#### Records shown

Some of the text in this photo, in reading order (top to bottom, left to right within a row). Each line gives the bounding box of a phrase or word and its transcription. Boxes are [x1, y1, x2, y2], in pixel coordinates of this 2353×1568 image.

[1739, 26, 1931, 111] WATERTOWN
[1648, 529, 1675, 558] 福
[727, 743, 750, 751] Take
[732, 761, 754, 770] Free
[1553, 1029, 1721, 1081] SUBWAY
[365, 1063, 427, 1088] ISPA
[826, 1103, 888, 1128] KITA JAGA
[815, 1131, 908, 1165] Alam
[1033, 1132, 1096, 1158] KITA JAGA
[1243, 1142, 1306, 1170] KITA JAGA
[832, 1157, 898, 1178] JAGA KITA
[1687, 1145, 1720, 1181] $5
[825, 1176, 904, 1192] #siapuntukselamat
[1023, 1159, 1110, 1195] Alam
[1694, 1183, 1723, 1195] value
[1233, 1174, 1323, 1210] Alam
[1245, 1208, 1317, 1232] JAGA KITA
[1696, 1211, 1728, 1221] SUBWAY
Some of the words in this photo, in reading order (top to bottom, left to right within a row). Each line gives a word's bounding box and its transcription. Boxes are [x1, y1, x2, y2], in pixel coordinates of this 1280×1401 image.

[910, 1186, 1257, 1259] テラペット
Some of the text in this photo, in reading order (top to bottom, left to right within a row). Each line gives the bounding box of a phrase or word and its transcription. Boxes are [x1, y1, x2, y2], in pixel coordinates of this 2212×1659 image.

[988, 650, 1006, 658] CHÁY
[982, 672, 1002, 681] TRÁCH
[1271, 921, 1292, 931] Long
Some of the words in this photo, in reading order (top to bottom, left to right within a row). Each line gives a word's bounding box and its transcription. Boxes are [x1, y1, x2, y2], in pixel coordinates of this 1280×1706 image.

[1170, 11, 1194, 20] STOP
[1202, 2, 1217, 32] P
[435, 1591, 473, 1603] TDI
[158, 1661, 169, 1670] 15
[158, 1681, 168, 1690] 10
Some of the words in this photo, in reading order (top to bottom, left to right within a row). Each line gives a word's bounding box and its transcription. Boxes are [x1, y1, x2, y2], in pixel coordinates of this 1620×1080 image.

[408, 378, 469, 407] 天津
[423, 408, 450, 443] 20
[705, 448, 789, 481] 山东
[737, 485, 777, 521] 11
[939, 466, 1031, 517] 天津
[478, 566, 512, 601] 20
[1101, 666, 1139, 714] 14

########

• [Task to carry out]: Word for word, copy out the records.

• [Problem solution]:
Some of the text in this photo, in reading order (top to bottom, left to right within a row). Each line gives the bounding box of a phrase or word and its transcription. Boxes are [x1, y1, x2, y2], in pixel coordinates of this 2353×1568 image.

[1739, 26, 1931, 111] WATERTOWN
[1648, 529, 1675, 558] 福
[727, 743, 750, 751] Take
[732, 761, 754, 770] Free
[1553, 1029, 1721, 1081] SUBWAY
[365, 1063, 427, 1088] ISPA
[826, 1103, 888, 1128] KITA JAGA
[815, 1131, 908, 1165] Alam
[1033, 1132, 1096, 1158] KITA JAGA
[1243, 1142, 1306, 1170] KITA JAGA
[832, 1157, 898, 1178] JAGA KITA
[1687, 1145, 1720, 1181] $5
[825, 1176, 904, 1192] #siapuntukselamat
[1023, 1159, 1110, 1195] Alam
[1694, 1183, 1723, 1195] value
[1233, 1174, 1323, 1210] Alam
[1245, 1208, 1317, 1232] JAGA KITA
[1696, 1211, 1728, 1221] SUBWAY
Some of the words in this photo, in reading order (top to bottom, left to right within a row). Each line gives a word's bounding box and its transcription. Boxes are [x1, y1, x2, y2], in pixel coordinates of this 1280×1401 image.

[910, 1186, 1257, 1259] テラペット
Some of the text in this photo, in reading order (top to bottom, left to right within a row). Each line gives the bounding box of a phrase or word and its transcription. Boxes are [x1, y1, x2, y2], in pixel coordinates of this 2212×1659 image.

[988, 650, 1006, 658] CHÁY
[982, 672, 1002, 681] TRÁCH
[1271, 921, 1292, 931] Long
Some of the words in this photo, in reading order (top to bottom, left to right within a row). Each line gives a word's bounding box and its transcription. Boxes are [x1, y1, x2, y2], in pixel coordinates of this 1280×1706 image.

[1170, 11, 1194, 20] STOP
[1202, 2, 1217, 32] P
[435, 1591, 473, 1603] TDI
[158, 1661, 169, 1670] 15
[158, 1681, 168, 1690] 10
Some of the words in this photo, in reading order (top to bottom, left to right within a row). Each line gives a word's bounding box and its transcription. Boxes are [x1, y1, x2, y2], in pixel coordinates of this 1620×1080 image.

[408, 378, 469, 407] 天津
[423, 408, 450, 443] 20
[705, 448, 789, 481] 山东
[737, 485, 777, 521] 11
[939, 466, 1031, 517] 天津
[478, 566, 512, 601] 20
[1101, 666, 1139, 714] 14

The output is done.